PuTTY wish srp-auth

Home | FAQ | Feedback | Licence | Updates | Mirrors | Keys | Links | Team
Download: Stable · Snapshot | Docs | Privacy | Changes | Wishlist

SRP support in SSH, as an alternative to pure password authentication. Possibly also in Telnet.

This would be really useful in SSH, because it removes a lot of the danger of accepting a host key you're uncertain about. The SRP exchange convinces each side that the other side knows the same password, without requiring either side to give the password away to the other - so if you use SRP authentication, you can safely type your password in even if you don't know the remote host key is correct. Moreover, the current drafts of SRP authentication in SSH then use the SRP shared secret to authenticate the SSH host key - so that even if you aren't sure the host key belongs to the host you think it does, you can at least be sure that it does belong to a machine which knows your password.
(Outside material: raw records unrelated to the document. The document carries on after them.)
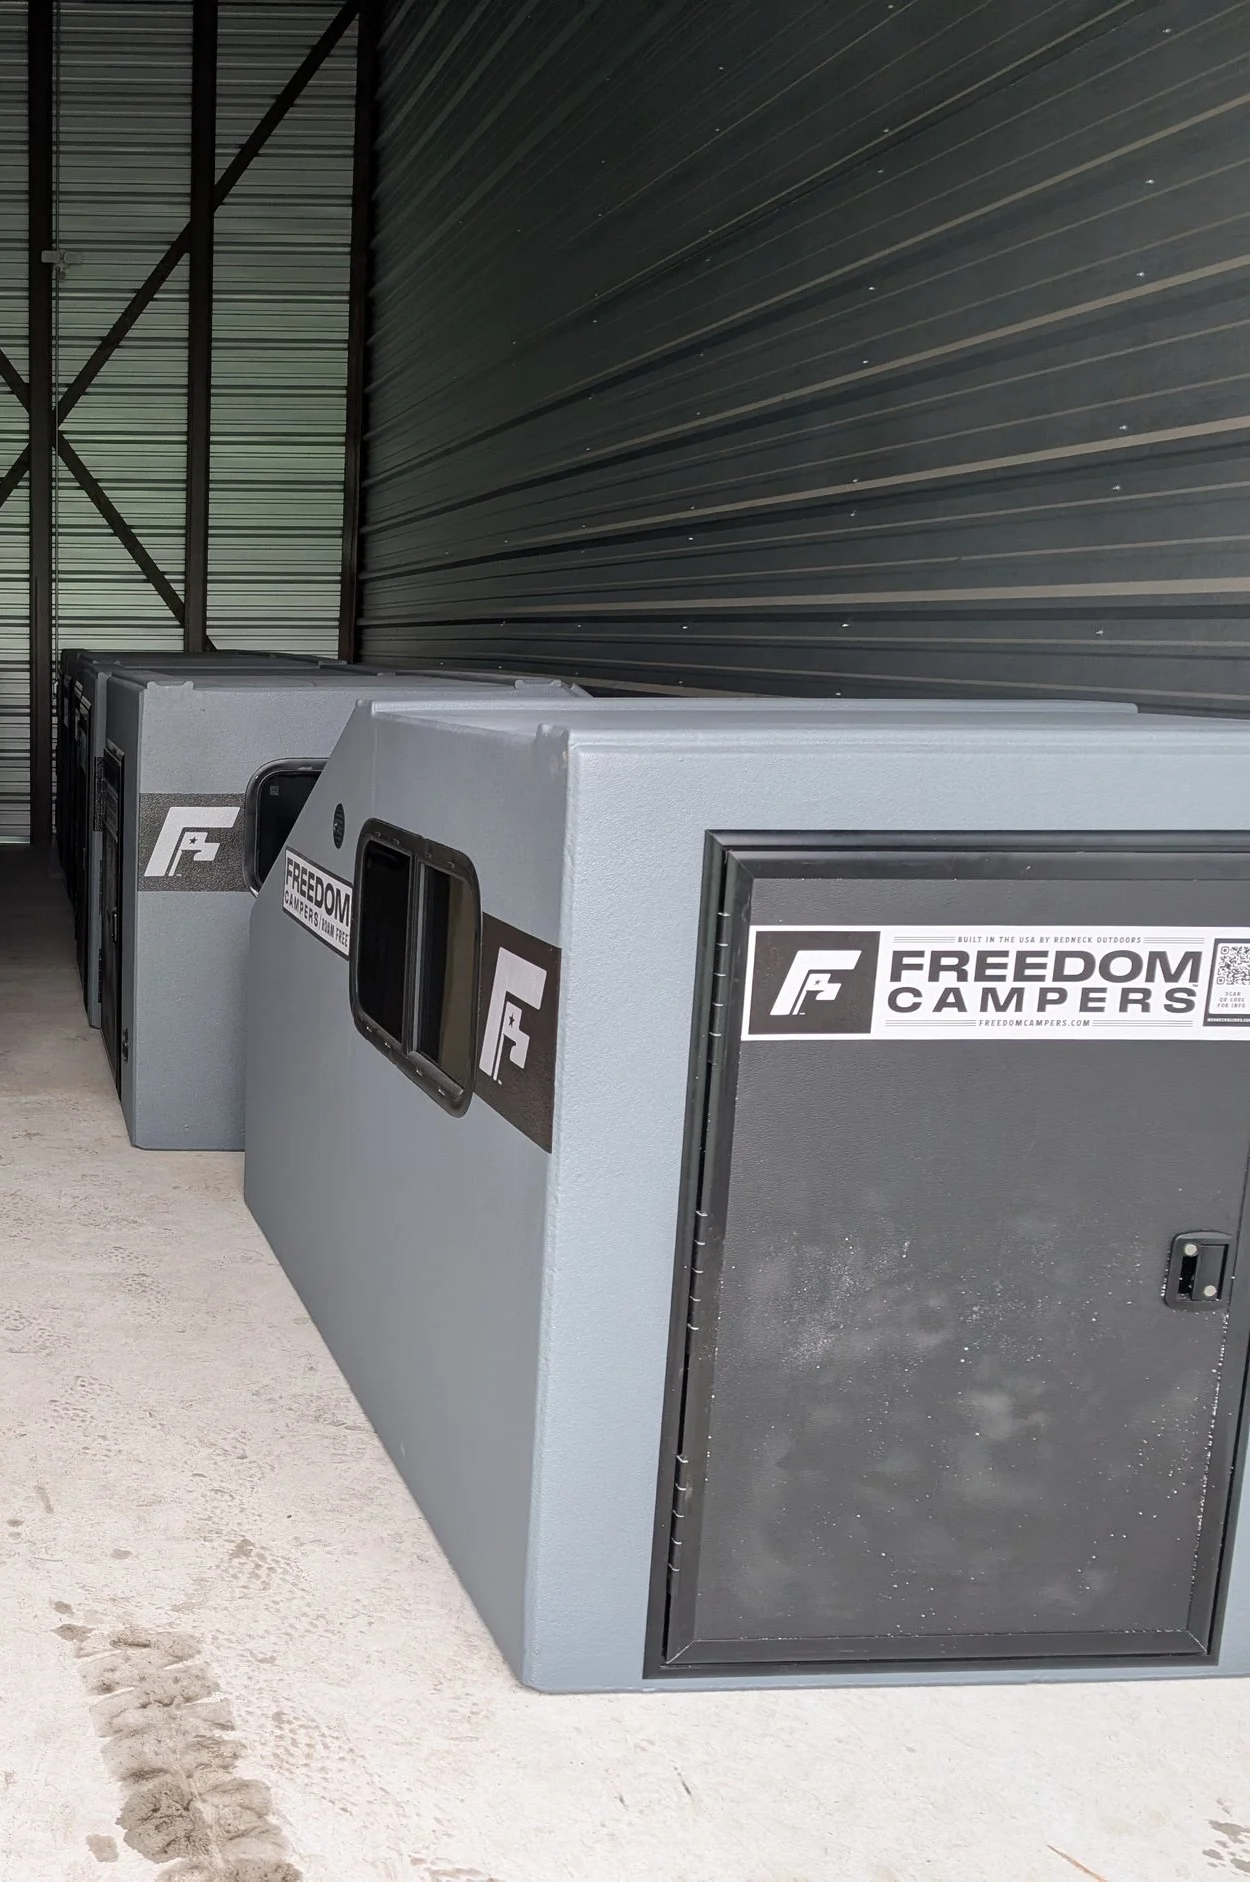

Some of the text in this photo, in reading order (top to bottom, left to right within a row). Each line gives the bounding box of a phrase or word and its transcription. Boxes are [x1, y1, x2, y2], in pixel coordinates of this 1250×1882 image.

[286, 857, 351, 927] FREEDOM
[336, 927, 349, 948] FREE
[957, 935, 1142, 944] BUILT IN THE USA BY REDNECK OUTDOORS
[889, 949, 1203, 983] FREEDOM
[887, 986, 1197, 1013] CAMPERS
[978, 1019, 1091, 1027] FREEDOMCAMPERS.COM
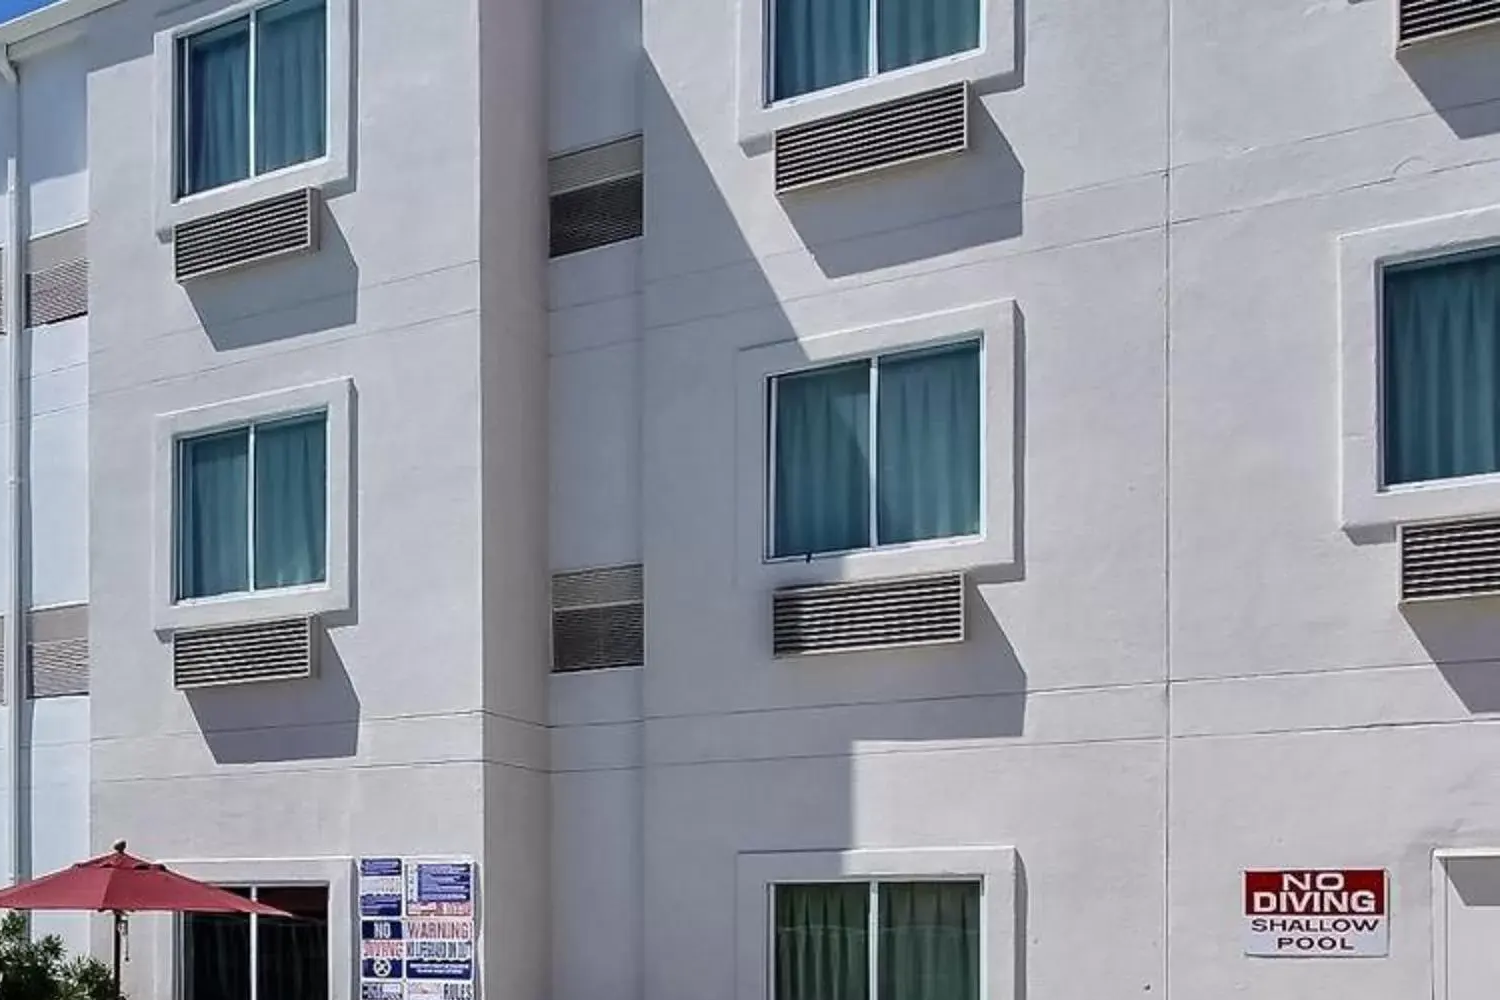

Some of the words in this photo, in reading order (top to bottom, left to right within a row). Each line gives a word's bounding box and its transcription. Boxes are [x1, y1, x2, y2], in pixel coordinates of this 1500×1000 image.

[1282, 873, 1345, 891] NO
[1253, 890, 1376, 913] DIVING
[373, 921, 391, 939] NO
[1251, 918, 1380, 933] SHALLOW
[1277, 936, 1355, 951] POOL
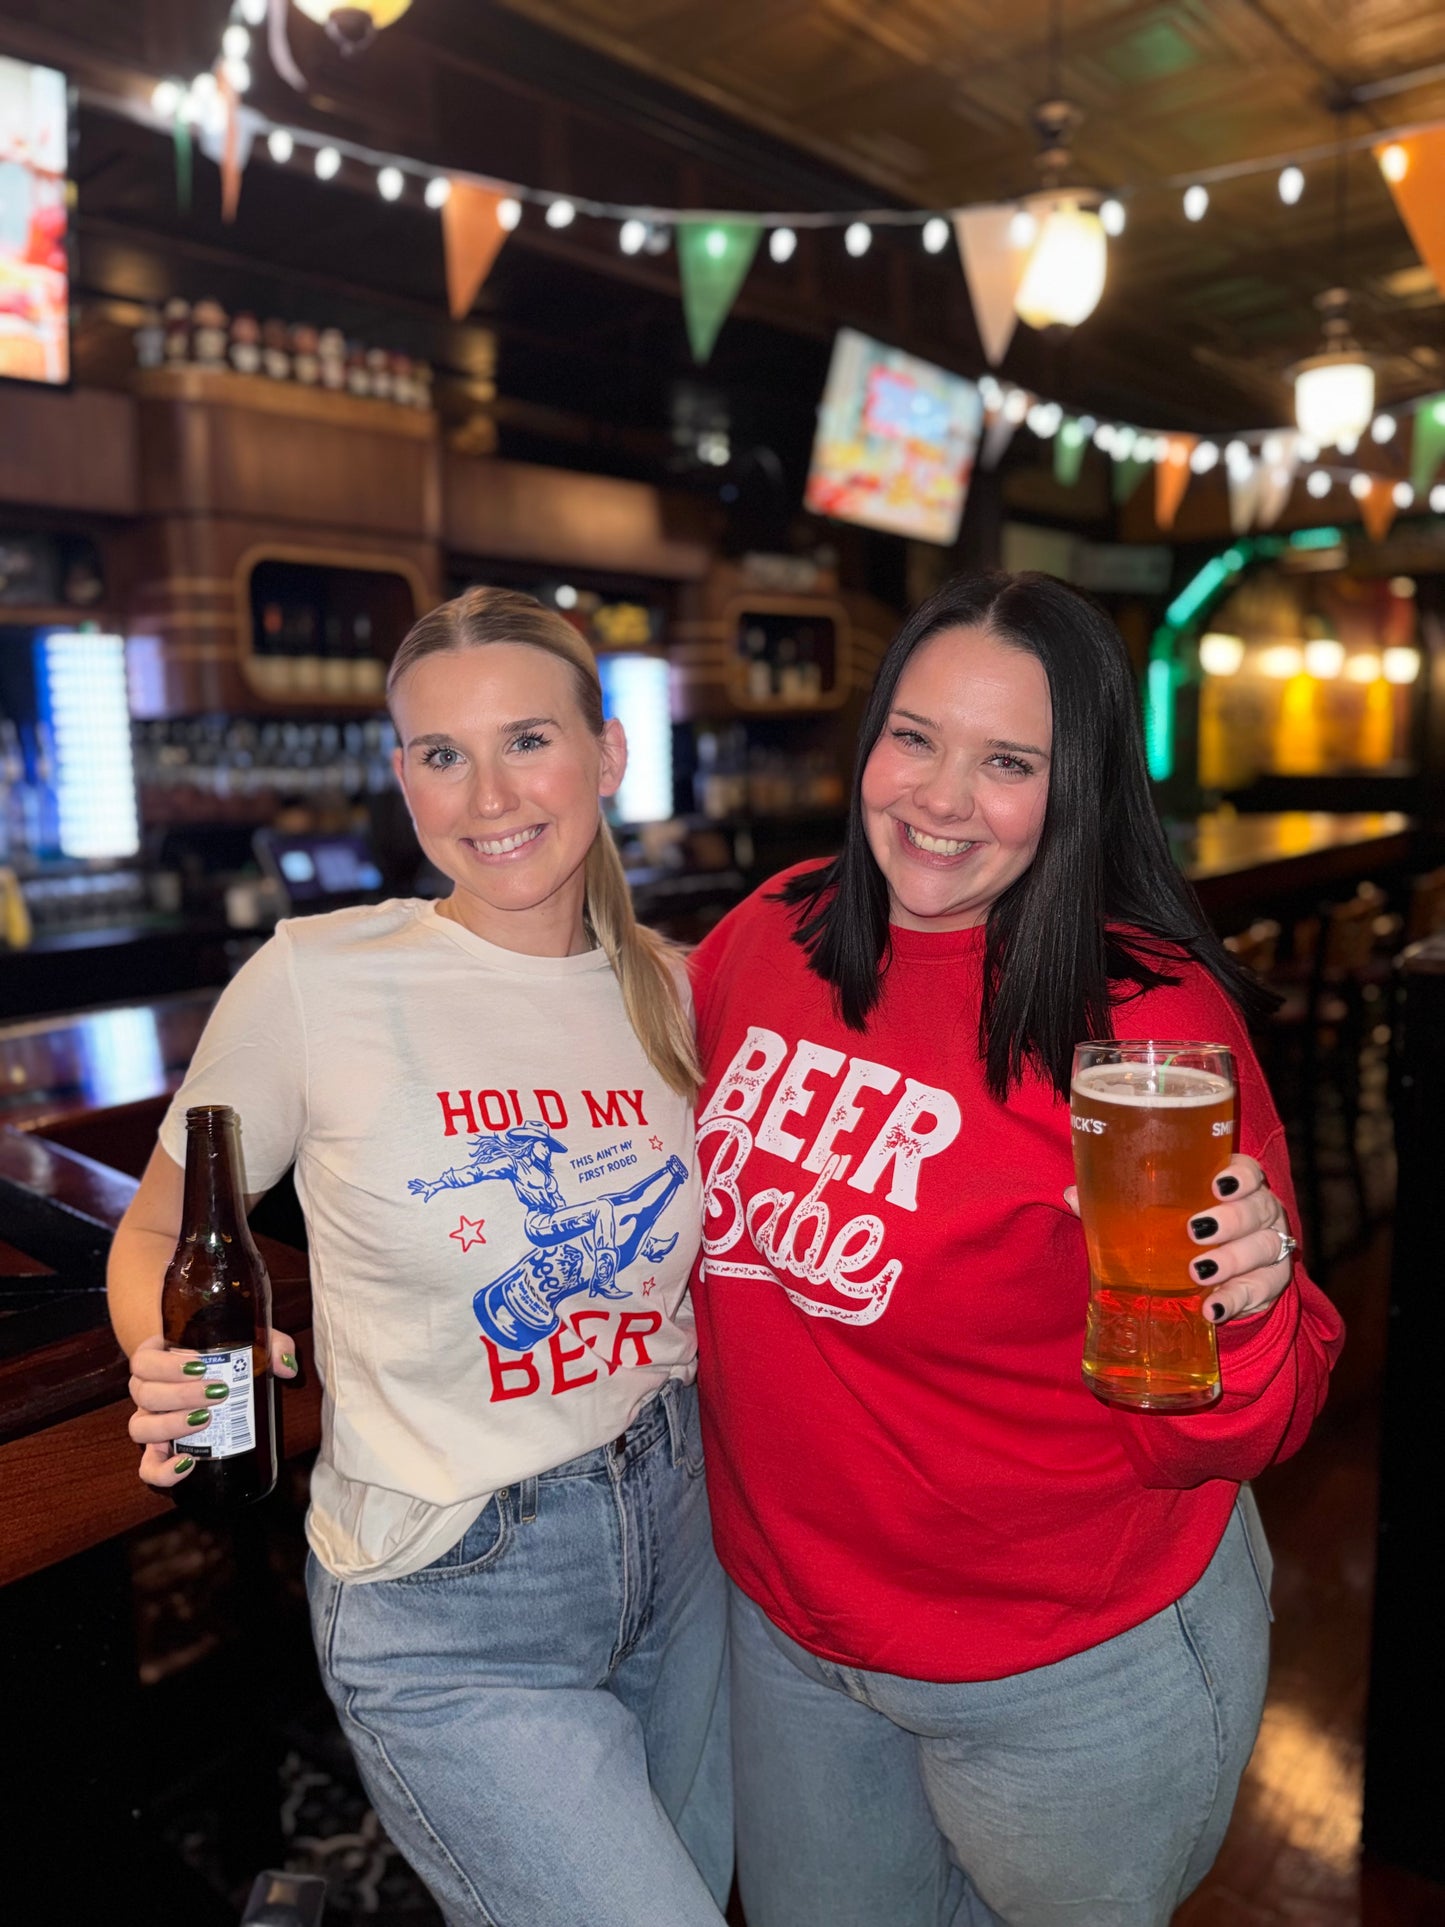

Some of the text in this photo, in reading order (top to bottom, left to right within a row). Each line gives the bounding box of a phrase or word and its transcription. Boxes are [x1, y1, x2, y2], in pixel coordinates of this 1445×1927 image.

[437, 1089, 649, 1136] HOLD MY
[698, 1026, 961, 1212] BEER
[569, 1140, 632, 1169] THIS AIN'T MY
[578, 1154, 638, 1183] FIRST RODEO
[696, 1116, 902, 1304] Babe
[480, 1311, 662, 1403] BEER
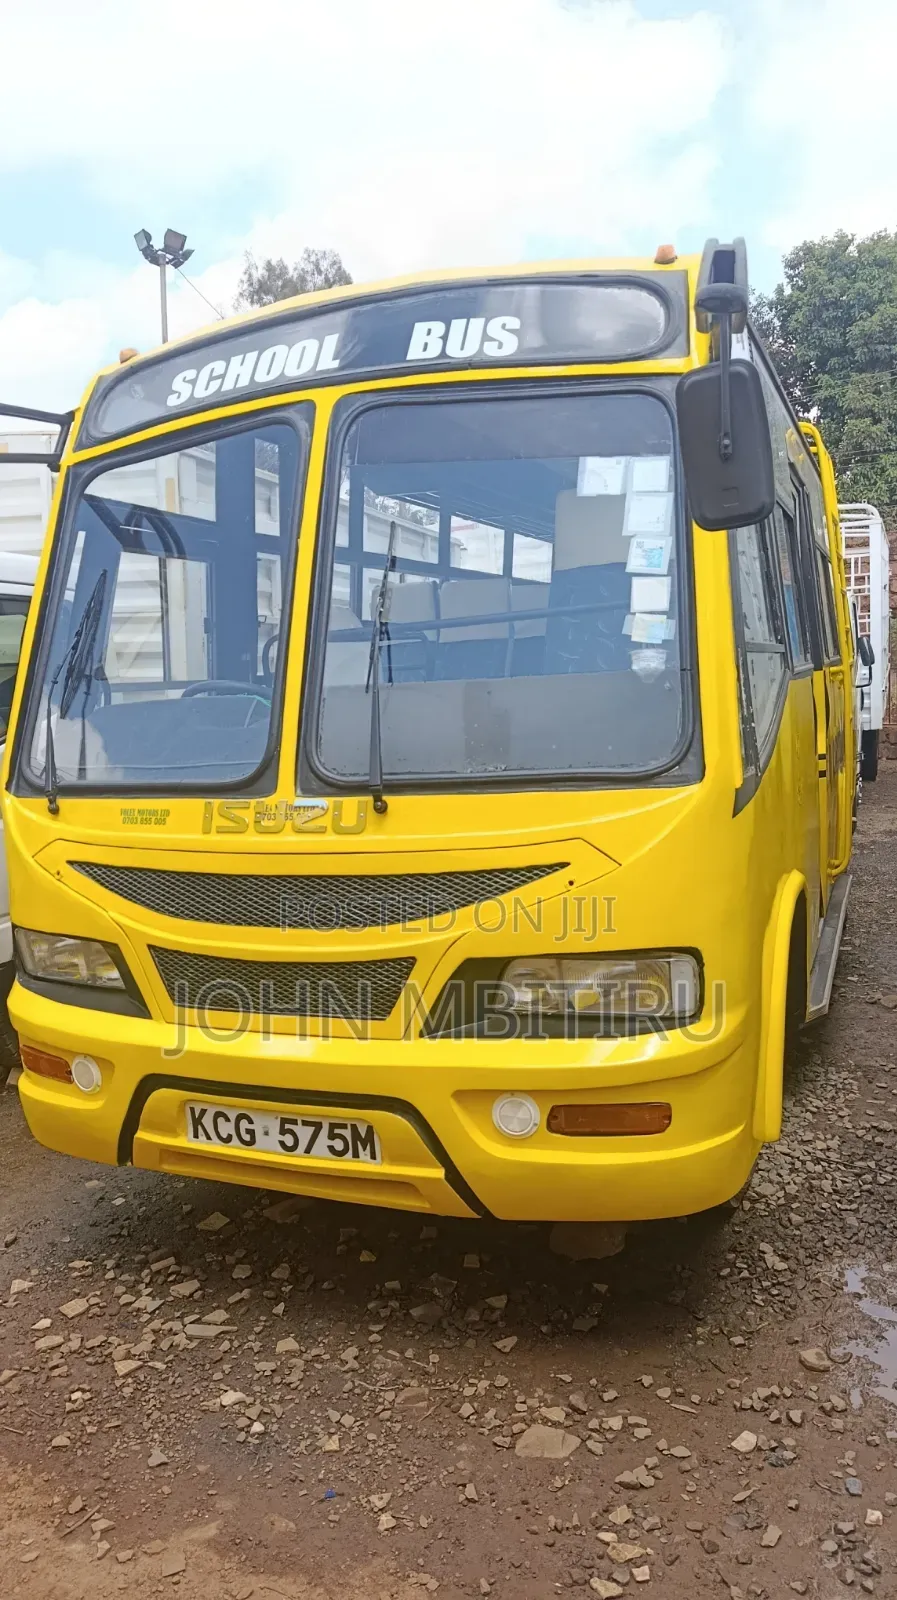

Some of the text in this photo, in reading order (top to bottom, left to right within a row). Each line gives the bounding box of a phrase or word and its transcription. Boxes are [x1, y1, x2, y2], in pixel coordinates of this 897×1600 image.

This would be a massive improvement in the SSH host key model.

Resources:

• Stanford SRP page and RFC 2945
• draft-nisse-secsh-srp-01 (expired) describing how LSH implements SRP (as a key exchange method)
• draft-tomh-secsh-srp-00 (expired) describes how Tom Holroyd's OpenSSH patch implements SRP (as a userauth method)
• A statement on the IPR issues around SRP
• The IETF SECSH mail archive has discussions of the above drafts.
• RFC 2944 describes Telnet SRP authentication.

SGT, 2024-11-17: classifying this wish as dormant. Alas, SRP never took off in SSH, and those patches in particular never landed in OpenSSH. I still think it would have been a good thing, because of the ability to verify a host key by the act of successfully logging in – but if there's no community of server software using it, there's no point implementing it in a client.